SmolVLA SO101 PickOrange
Fine-tuned SmolVLA policy for the SO101 robot arm performing an orange-picking task in LeIsaac (Isaac Sim).
Task
Pick three oranges from the table and place them on the plate, then reset the arm to rest state. Evaluated in the LeIsaac-SO101-PickOrange-v0 Isaac Sim environment.
Architecture
SmolVLA is a Vision-Language-Action model that combines a frozen vision encoder with a language model backbone and a lightweight action expert head.
Inference pipeline
2 camera images (480x640)
-> resize to 512x512 with padding
-> patchify into 16x16 patches (1024 tokens per image, 2048 total)
-> 12-layer ViT vision encoder (bf16)
-> project to LM hidden space
-> 16-layer SmolLM2 backbone + 16-layer Expert (interleaved cross-attention)

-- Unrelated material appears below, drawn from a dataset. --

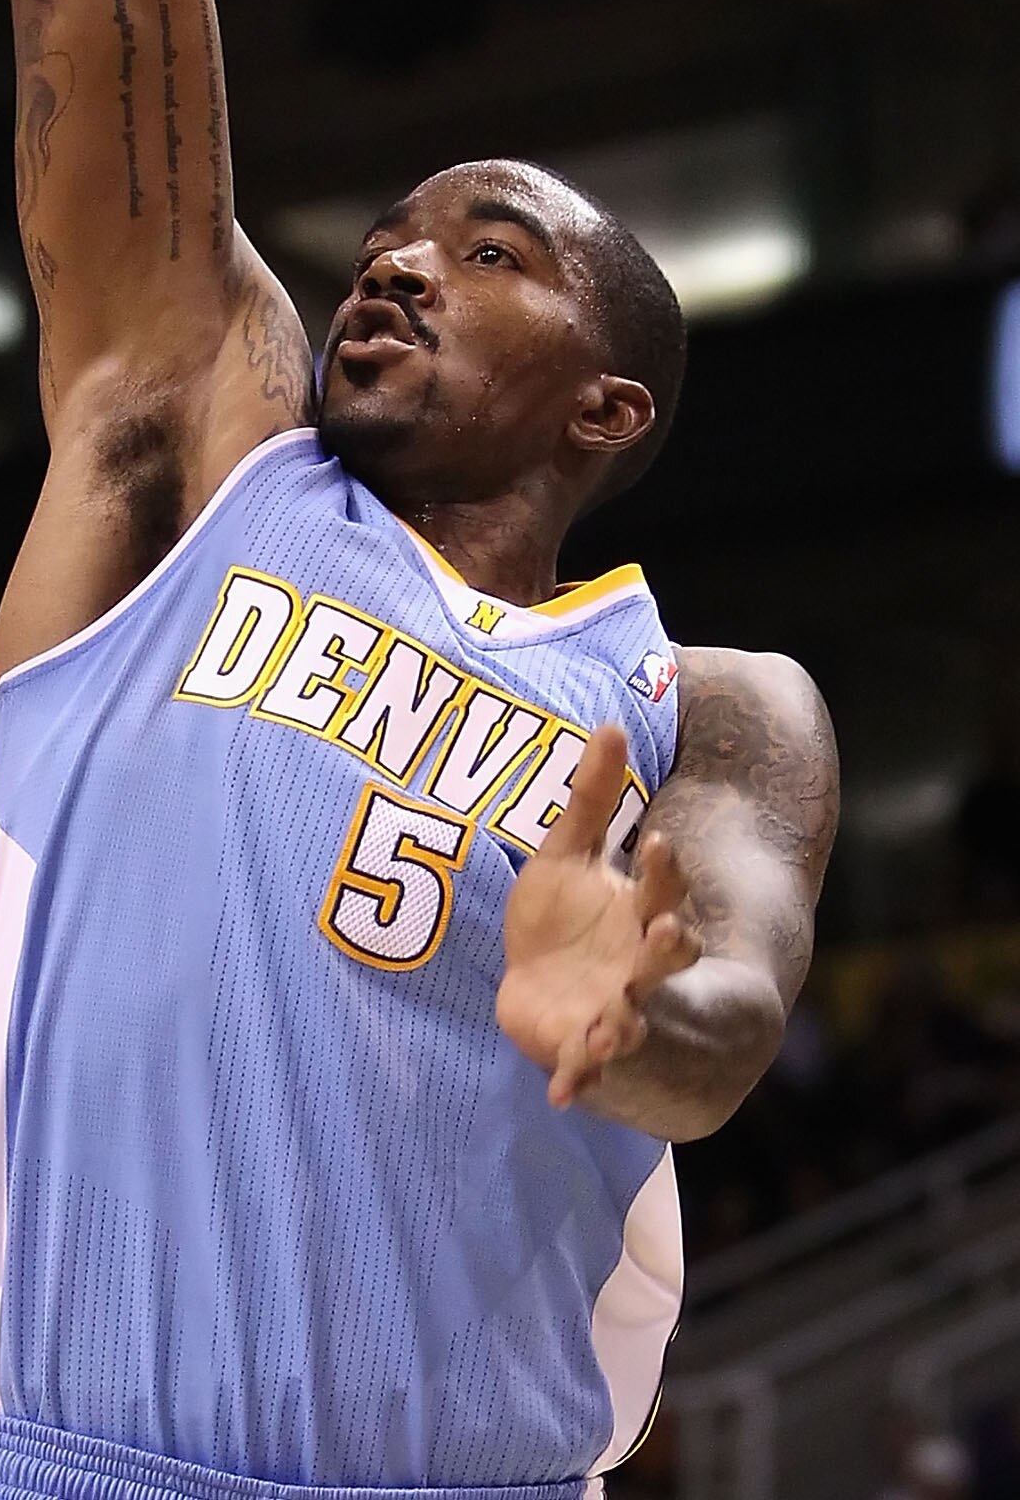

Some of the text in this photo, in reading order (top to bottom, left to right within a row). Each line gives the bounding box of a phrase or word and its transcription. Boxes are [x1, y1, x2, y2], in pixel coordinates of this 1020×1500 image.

-> decode 50 action tokens -> 6D joint positions
Vision Encoder (ViT)
| Property |
Value |
| Architecture |
Vision Transformer (SigLIP-derived) |
| Hidden size |
768 |
| Layers |
12 |
| Attention heads |
12 |
| Patch size |
16x16 |
| Input resolution |
512x512 |
| Tokens per image |
1024 (32x32 patches) |
| Precision |
bfloat16 |
| Status (training) |
Frozen |
Text/LM Backbone (SmolLM2)
| Property |
Value |
| Architecture |
SmolLM2 (Llama-based) |
| Hidden size |
960 |
| Layers |
16 (truncated from 32) |
| Attention heads |
15 |
| Intermediate size |
2560 |
| Vocab size |
49,280 |
Action Expert Head
| Property |
Value |
| Layers |
16 (matches truncated VLM) |
| Hidden size |
720 (0.75x VLM hidden) |
| Attention mode |
Cross-attention (interleaved with VLM layers) |
| Output |
50 action chunks x 6D |
| Trainable params |
100M |
Full Model Summary
| Component |
Params |
Trainable |
Precision |
| Vision encoder (ViT) |
~86M |
Frozen |
bf16 |
| LM backbone (SmolLM2) |
~264M |
Frozen |
bf16 |
| Action expert head |
~100M |
Yes |
bf16 |
| Total |
450M |
100M |
bf16 |
Branches
| Branch |
Training |
Batch size |
Final loss |
main |
multi-rank, 30k steps |
56 |
0.019 |
single-rank |
single-rank, 30k steps |
64 |
0.008 |
Training
| Parameter |
Value |
| Dataset |
LightwheelAI/leisaac-pick-orange (sim-collected) |
| Episodes |
60 |
| Frames |
36,293 |
| Steps |
30,000 |
| Batch size |
56 effective (main) / 64 (single-rank) |
| Learning rate |
1e-4 (cosine decay with 1k warmup) |
| Optimizer |
AdamW (betas=0.9/0.95, eps=1e-8, weight_decay=1e-10) |
| Scheduler |
Cosine decay, 1000 warmup steps, decay to 2.5e-6 |
| Grad clip norm |
10 |
| VLM layers |
16 (truncated from 32) |
| Vision encoder |
Frozen |
| Training mode |
Expert-only (train_expert_only=true) |
| Framework |
LeRobot v0.4.5 |
Usage
Serve the policy
python -m lerobot.scripts.serve \
--policy.type=smolvla \
--policy.pretrained_path=edge-inference/smolvla-so101-pick-orange \
--policy.vlm_model_name=HuggingFaceTB/SmolVLM2-500M-Video-Instruct \
--port=8080
Evaluate in Isaac Sim (requires LeIsaac + Isaac Sim)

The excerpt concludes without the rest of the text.